> **WHAT TO WORK ON**
Please retype every entry as written, and keep the pictures out.

_ _ _ _ _

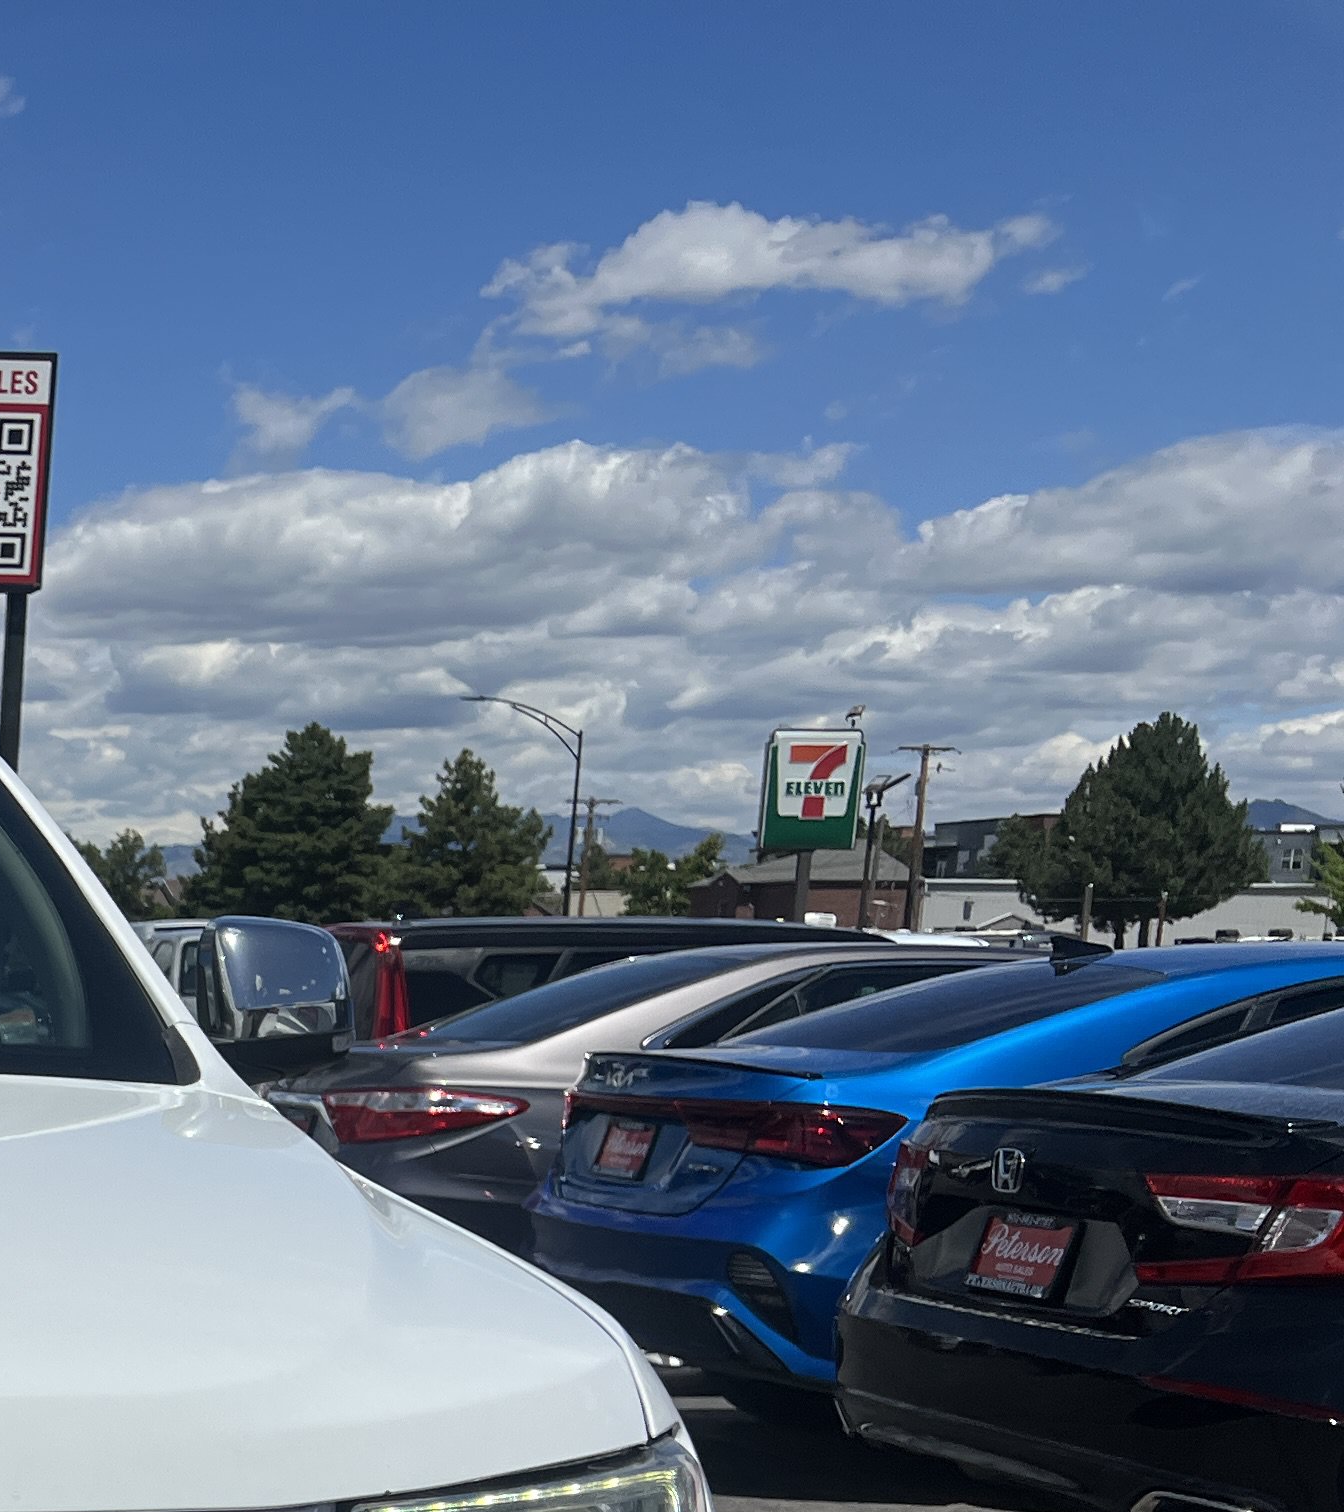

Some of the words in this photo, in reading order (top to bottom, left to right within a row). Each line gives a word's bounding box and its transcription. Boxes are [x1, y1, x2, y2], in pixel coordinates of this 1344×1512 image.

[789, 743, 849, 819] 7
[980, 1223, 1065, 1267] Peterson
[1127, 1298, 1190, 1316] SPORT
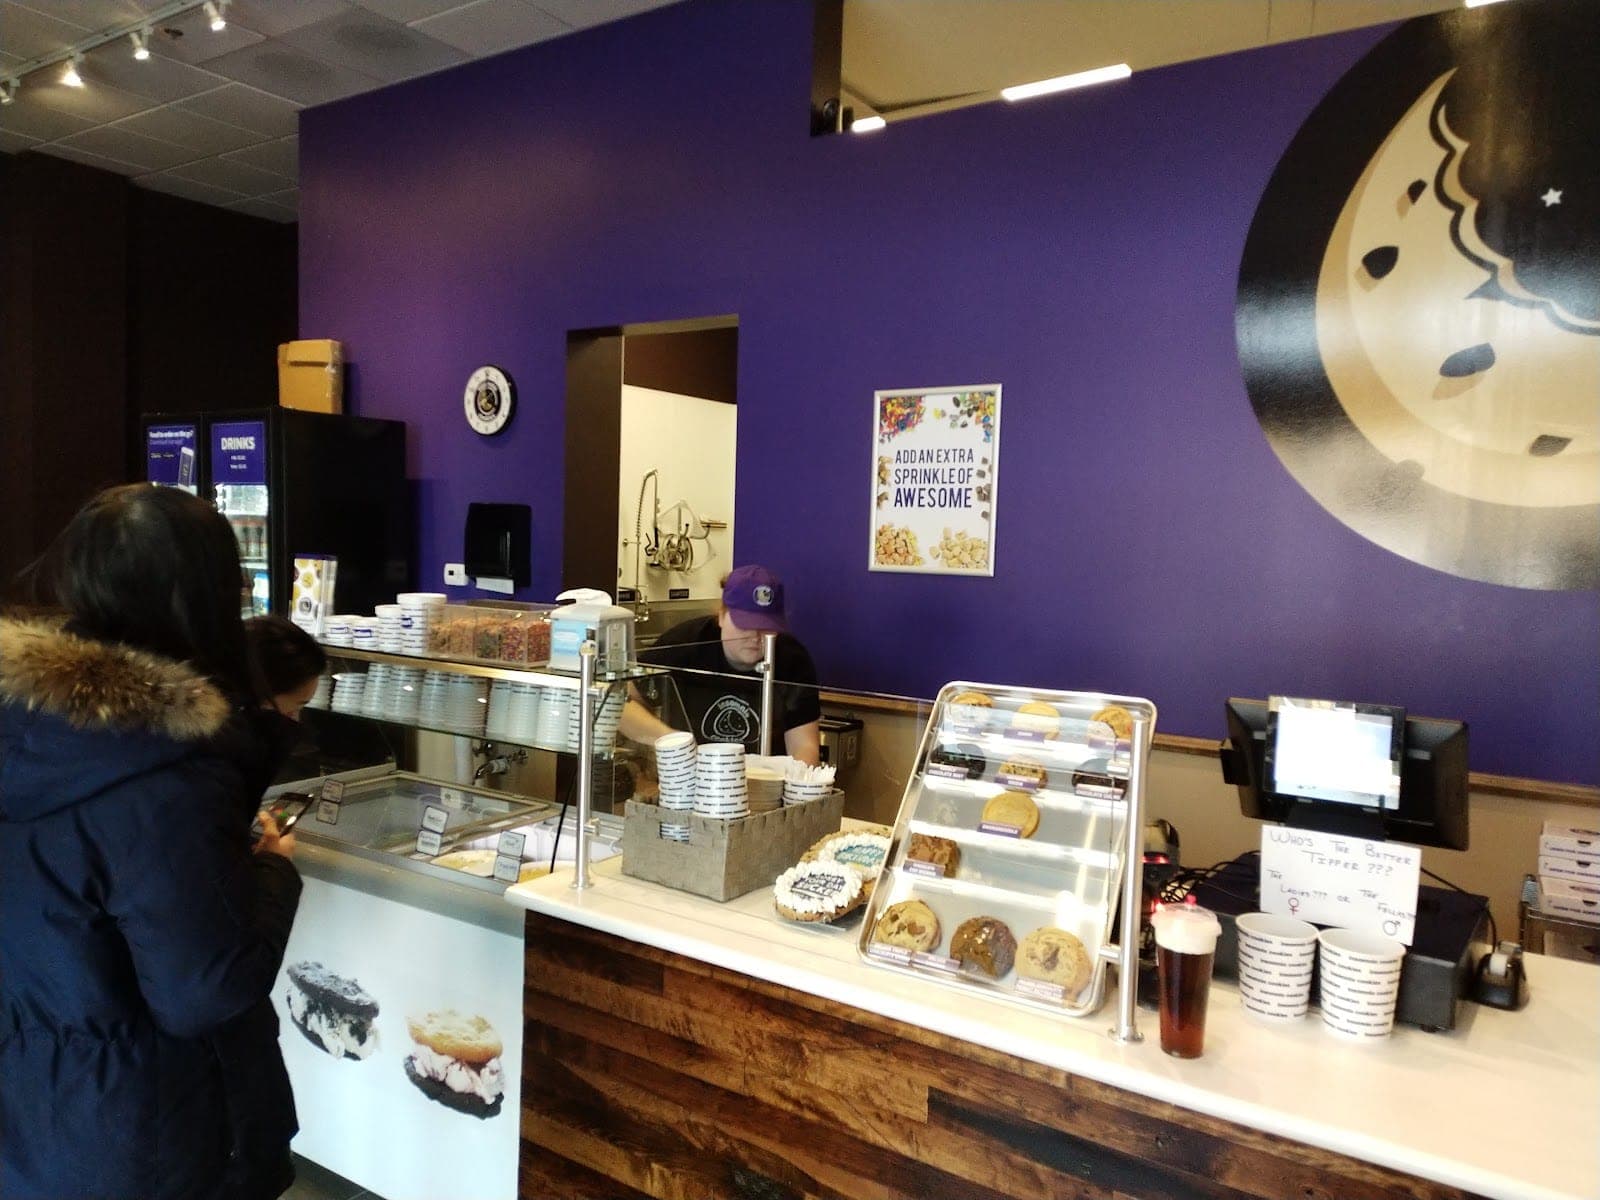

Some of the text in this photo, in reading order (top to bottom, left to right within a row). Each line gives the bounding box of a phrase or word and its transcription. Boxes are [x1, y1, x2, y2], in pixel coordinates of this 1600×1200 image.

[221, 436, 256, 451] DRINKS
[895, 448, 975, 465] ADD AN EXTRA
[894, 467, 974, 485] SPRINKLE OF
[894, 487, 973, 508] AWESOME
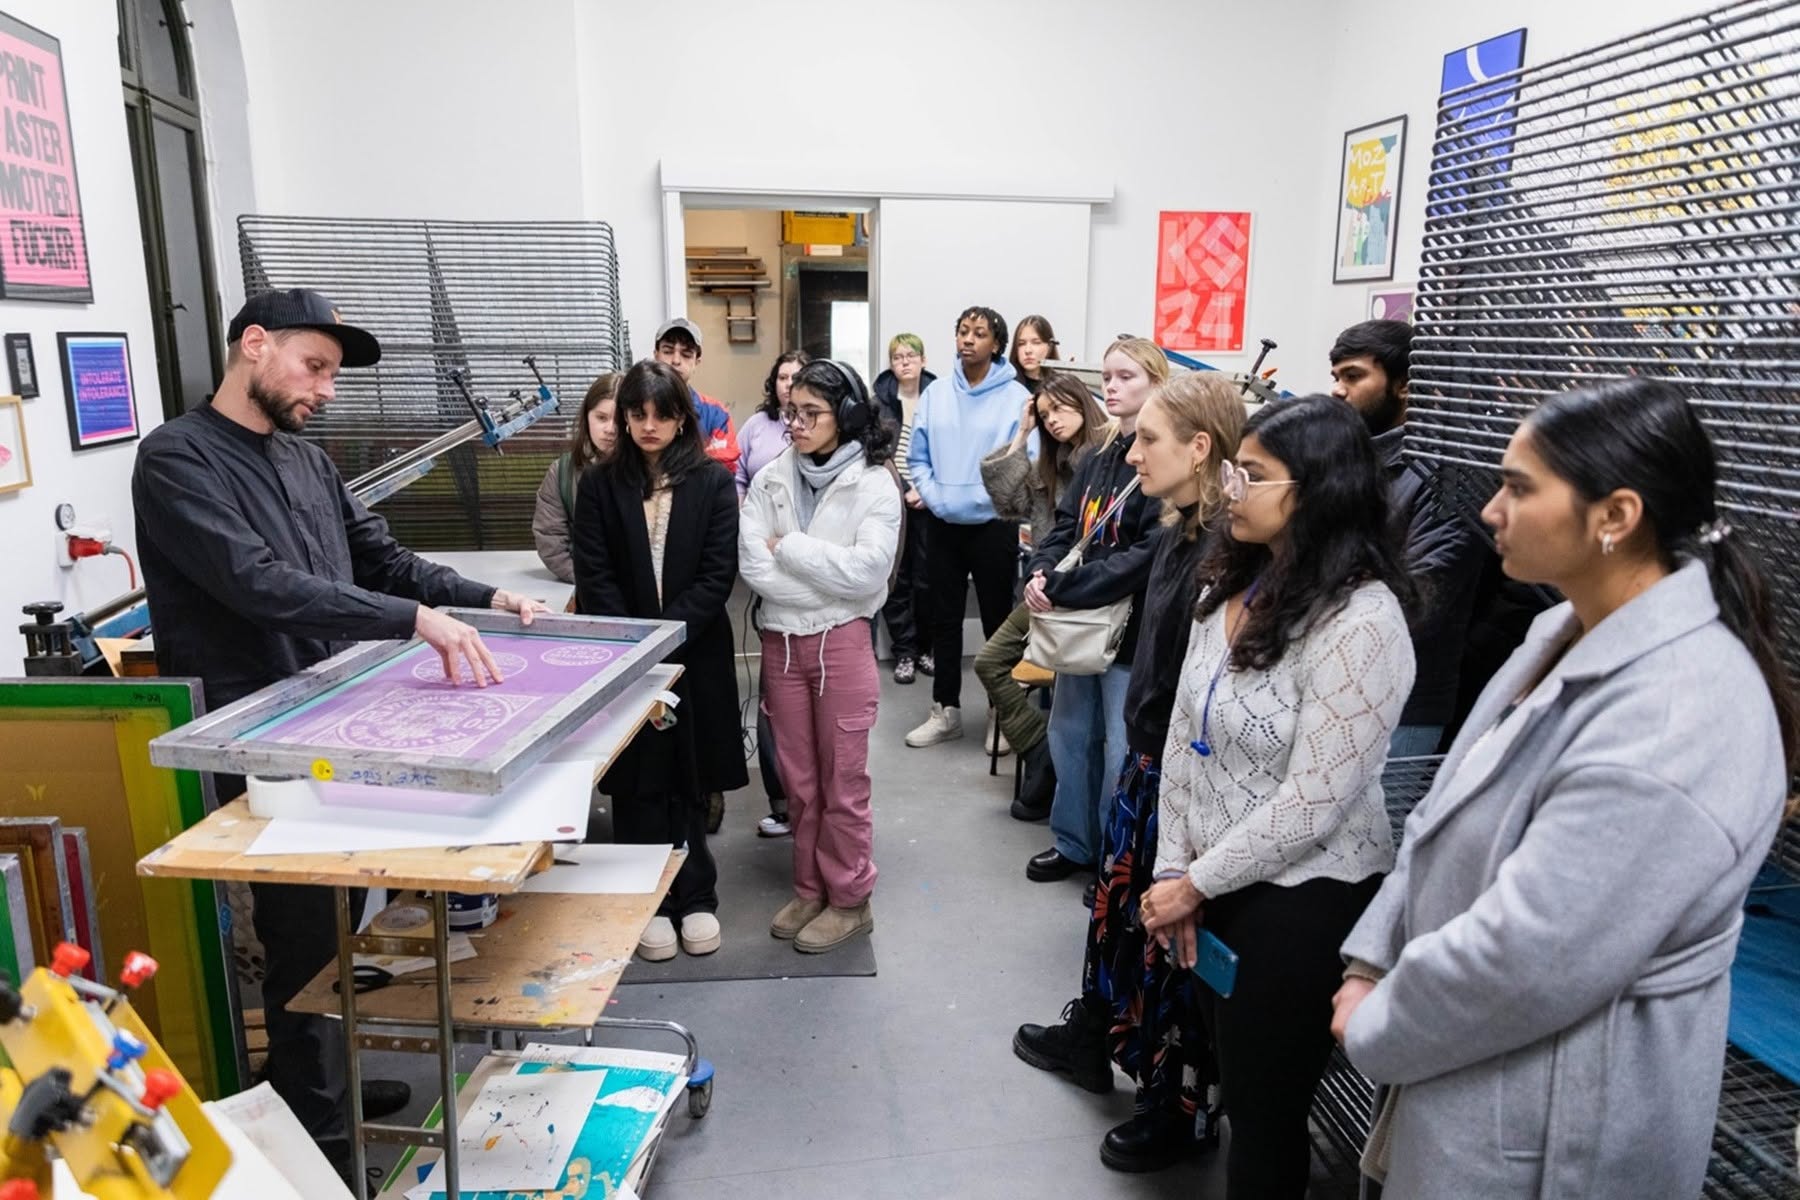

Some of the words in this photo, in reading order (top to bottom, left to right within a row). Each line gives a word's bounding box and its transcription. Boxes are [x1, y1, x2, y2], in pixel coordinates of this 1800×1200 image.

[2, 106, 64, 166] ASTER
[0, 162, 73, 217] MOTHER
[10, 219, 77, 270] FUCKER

_ _ _ _ _

> **PROBLEM SOLUTION**
Some of the words in this photo, in reading order (top to bottom, left to right within a row). Each line gives a word's bounding box and its transcription. Boxes are [x1, y1, x2, y2], in pixel coordinates of this 1344×1512 image.

[789, 743, 849, 819] 7
[980, 1223, 1065, 1267] Peterson
[1127, 1298, 1190, 1316] SPORT

Some of the text in this photo, in reading order (top to bottom, left to right within a row). Each line gives the bounding box of a phrase or word and its transcription. Boxes are [x1, y1, x2, y2], in pixel coordinates of this 1600×1200 image.

[221, 436, 256, 451] DRINKS
[895, 448, 975, 465] ADD AN EXTRA
[894, 467, 974, 485] SPRINKLE OF
[894, 487, 973, 508] AWESOME

Some of the words in this photo, in reading order (top to bottom, left to right within a row). Each line gives a word's bounding box and its transcription. Boxes are [x1, y1, x2, y2], in pixel coordinates of this 1800×1200 image.

[2, 106, 64, 166] ASTER
[0, 162, 73, 217] MOTHER
[10, 219, 77, 270] FUCKER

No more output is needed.